### [TASK PROMPT]
Reproduce, without alteration, every line of the data; exclude the images.
*** Opening of INPUT FOR THIS TASK ***
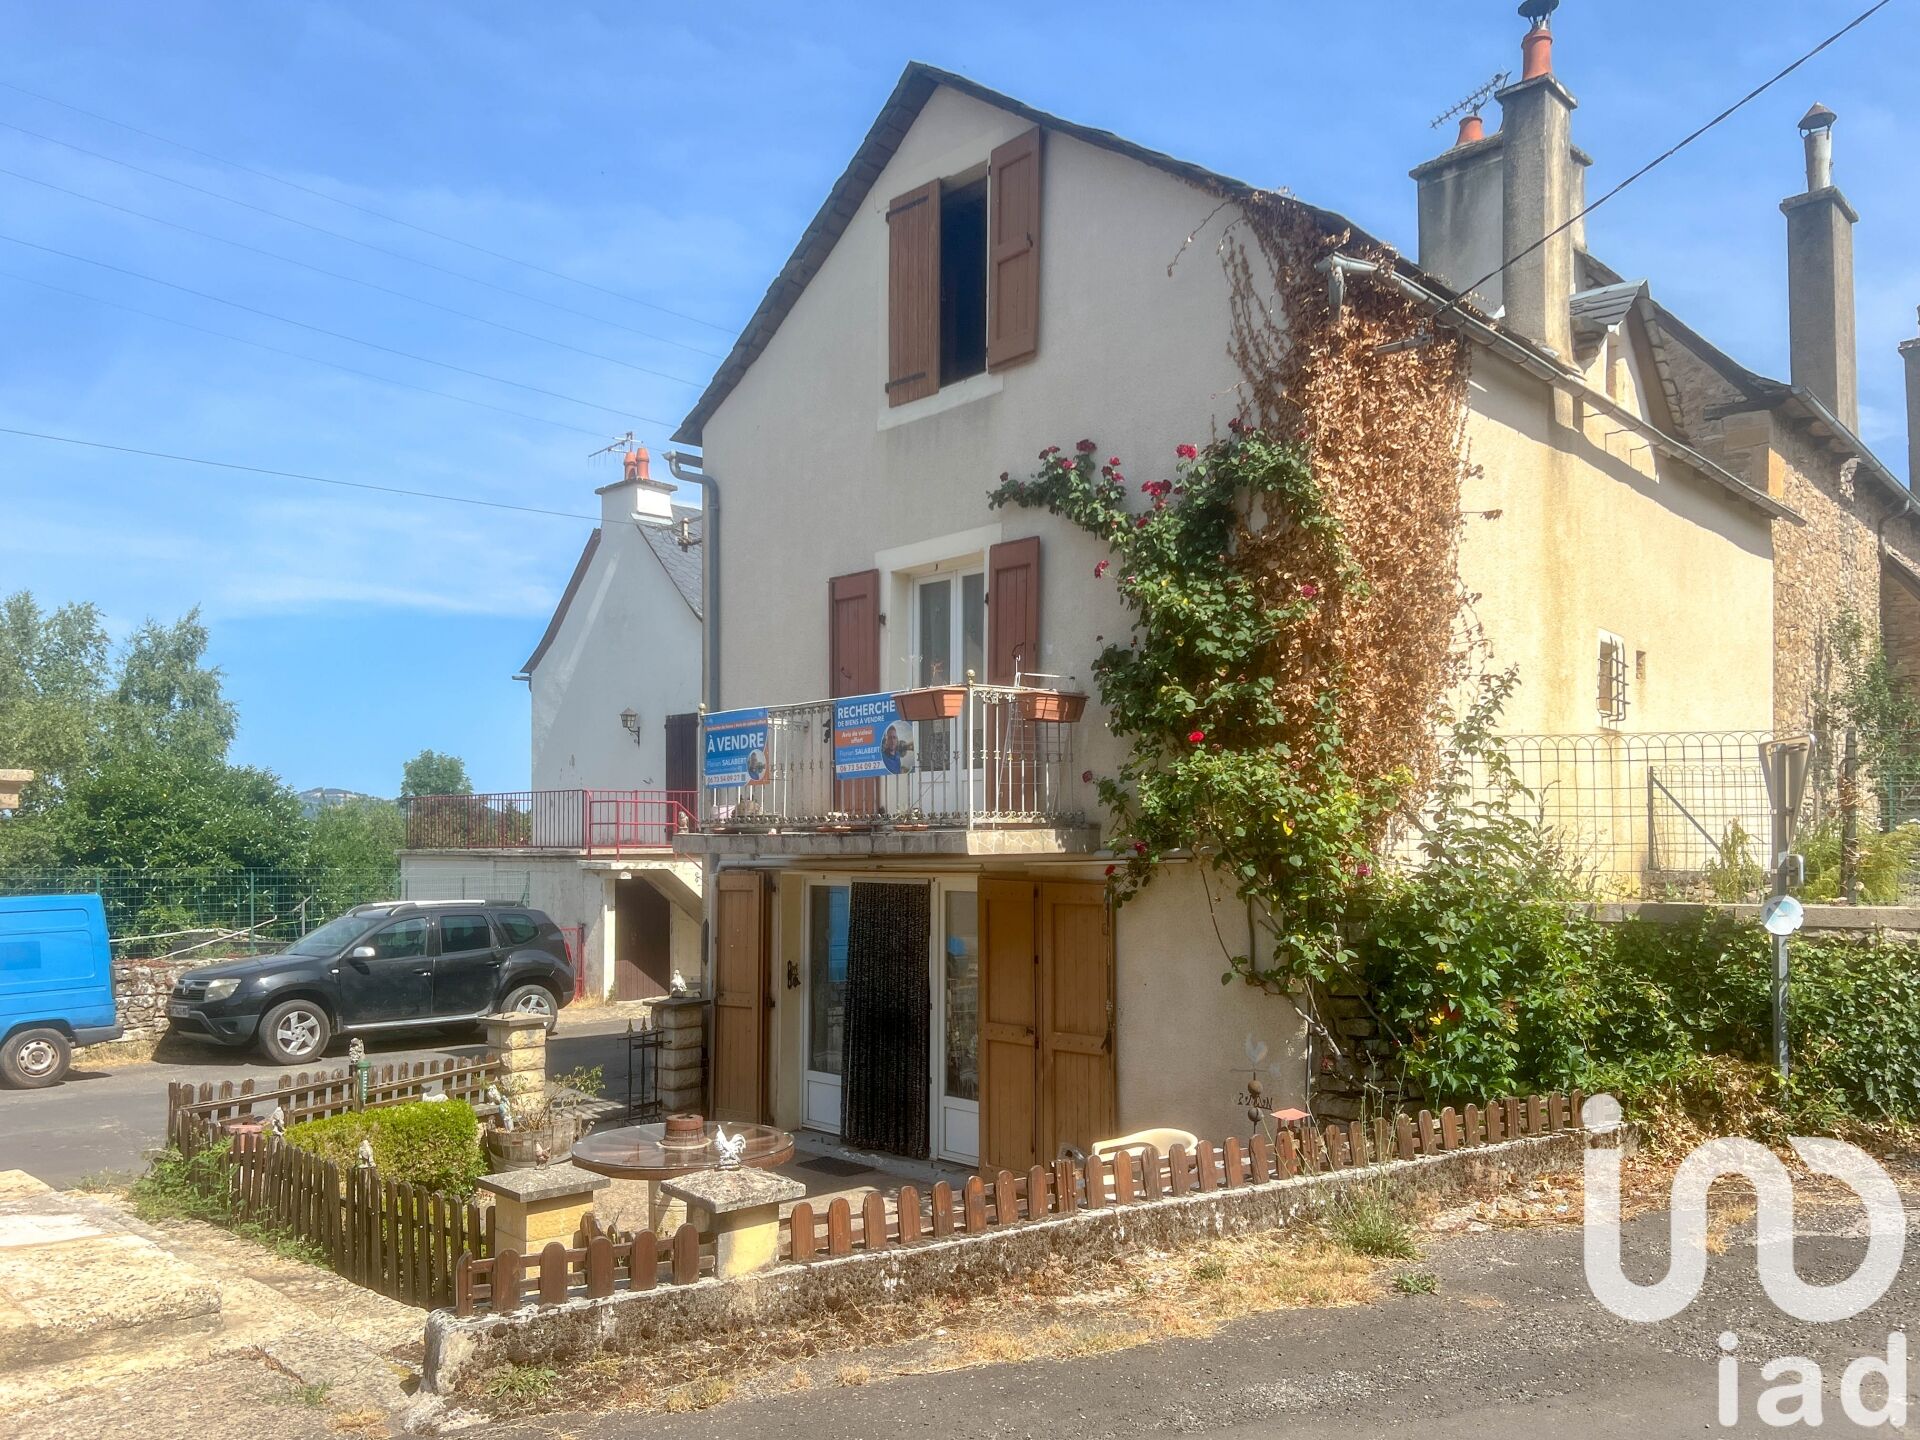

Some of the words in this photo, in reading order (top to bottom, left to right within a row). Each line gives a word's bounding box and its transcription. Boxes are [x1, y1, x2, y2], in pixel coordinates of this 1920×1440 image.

[838, 700, 896, 719] RECHERCHE
[845, 719, 859, 727] BIENS
[864, 715, 885, 724] VENDRE
[707, 734, 716, 753] À
[717, 732, 765, 752] VENDRE
[855, 746, 880, 755] SALABERT
[722, 757, 747, 767] SALABERT
*** Close of INPUT FOR THIS TASK ***
### [YOUR SOLUTION]
Some of the words in this photo, in reading order (top to bottom, left to right within a row). Each line gives a word's bounding box and its transcription. Boxes are [x1, y1, x2, y2], in pixel coordinates of this 1920×1440 image.

[838, 700, 896, 719] RECHERCHE
[845, 719, 859, 727] BIENS
[864, 715, 885, 724] VENDRE
[707, 734, 716, 753] À
[717, 732, 765, 752] VENDRE
[855, 746, 880, 755] SALABERT
[722, 757, 747, 767] SALABERT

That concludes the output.